Q. How do you assess a patient's treatments?
A. Generally, a patient has a specific problem he or she wants to correct. For instance, if someone is troubled by acne scars, a Derma Peel or Obagi Peel may be an option. Fine wrinkles or pigmentation may require a more aggressive treatment. I may bring in a physician for a consultation or to administer a treatment, such as Botox for reduction of forehead wrinkles. Every treatment, every recommendation, every patient is different. Of course, if I see what I determine might be a serious problem, such as a skin cancer, any of our physicians is available to make a diagnosis. That's the beauty of being at Suzanne Bruce and Associates, we have the best of both worlds.

 






Jasmine Leung, RN
 


MARIA ANTESODA, RN
and MARCELA RAMIREZ, RN, BSN

Q. Have you seen many changes or advances in cosmetic dermatology procedures in recent years – particularly in permanent hair reduction?

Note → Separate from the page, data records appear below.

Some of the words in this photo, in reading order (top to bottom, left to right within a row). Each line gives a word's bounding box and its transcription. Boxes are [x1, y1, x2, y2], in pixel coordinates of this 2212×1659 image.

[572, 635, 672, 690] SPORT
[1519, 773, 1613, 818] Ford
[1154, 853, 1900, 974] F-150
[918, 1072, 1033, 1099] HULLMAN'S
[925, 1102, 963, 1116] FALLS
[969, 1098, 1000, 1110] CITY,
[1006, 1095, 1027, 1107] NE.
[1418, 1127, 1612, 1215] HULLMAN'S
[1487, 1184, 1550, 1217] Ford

Maria: In all phases of treatment here at The Center, we are always seeking the most effective procedures. Dr. Bruce is always searching and researching to find the best and the latest for her patients and our clients. But, it’s not just new for new’s sake. When new equipment is mentioned in one of her journals or at a meeting, Dr. Bruce investigates. When new applications are discovered, she goes to conferences – or sends us. It is her dedication to excellence that inspires all of us to provide the utmost in care for everyone who comes to us. And it is her insistence on knowing all we can that drives us to perform at our best. She sets the standard and expects us all to follow her lead.
Marcela: Our new permanent hair reduction laser is just one example of the level of commitment here at The Center for Cosmetic Dermatology. In October 2005, we added the Cutera® CoolGlide Vantage laser. However, we didn’t just randomly select the Cutera. Over the summer months, we brought in five or six different types of lasers. We worked with each of the different machines, trying the equipment out and evaluating each machine’s benefits. We questioned the consultants, and we went to seminars. After careful deliberation, we decided on the Cutera.

Q. What is unique about the Cutera and what are its benefits?

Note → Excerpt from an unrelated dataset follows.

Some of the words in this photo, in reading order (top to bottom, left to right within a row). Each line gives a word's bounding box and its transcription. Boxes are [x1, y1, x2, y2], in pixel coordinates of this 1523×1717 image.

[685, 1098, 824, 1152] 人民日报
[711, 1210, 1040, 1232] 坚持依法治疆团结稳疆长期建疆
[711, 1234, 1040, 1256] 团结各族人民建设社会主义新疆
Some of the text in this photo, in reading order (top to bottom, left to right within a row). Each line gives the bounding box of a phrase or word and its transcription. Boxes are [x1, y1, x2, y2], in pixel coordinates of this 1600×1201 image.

Maria: The Cutera is a versatile laser. As a hair-removal system, it offers permanent hair reduction. Because of its longer wavelength, it is particularly suited for patients with darker skin types.
Marcela: It’s a nice complement to the EpiLight, which uses intense pulsed light (IPL) for hair removal and is particularly effective on clients with lighter skin.

Q. Does the Cutera work on all skin types?

Marcela: Yes, it can be used on all skin types. However because it is an Nd:YAG laser rather than an IPL device, the Cutera is ideal for individuals with darker or tanned skin. The long-pulse Nd:YAG laser beam bypasses the melanin layer and goes directly to the hair follicle. We have used it successfully on our African American, Asian, Indian and Middle Eastern patients and our tanned patients. Before, we had to be very careful with our Epilight settings when treating these patients and treat at lower energy levels, which usually translated into more treatment sessions to achieve the desired results. Now, we can provide effective results in fewer treatments more safely. The risk of superficial burns is greatly lessened, virtually eliminated.

Q. Is permanent hair reduction possible for blond or light hair?

Maria: Because it contains very little pigment, blond or light hair is difficult to treat effectively with any laser or IPL system. We can get some reduction with the Aurora, which uses a combination of IPL and radio frequency energy, but it takes many treatments to achieve any meaningful results.

Q. Where can the Cutera laser be used?

Marcela: Both the Cutera and the EpiLight can be used anywhere on the body where there is hair, except around the eyes. We treat legs, bikini area, underarms, stomach, back, chest, arms and face. For women, the bikini, underarm and face are the most frequently-treated areas. For men, the back, neck and beard are the most common treatment sites.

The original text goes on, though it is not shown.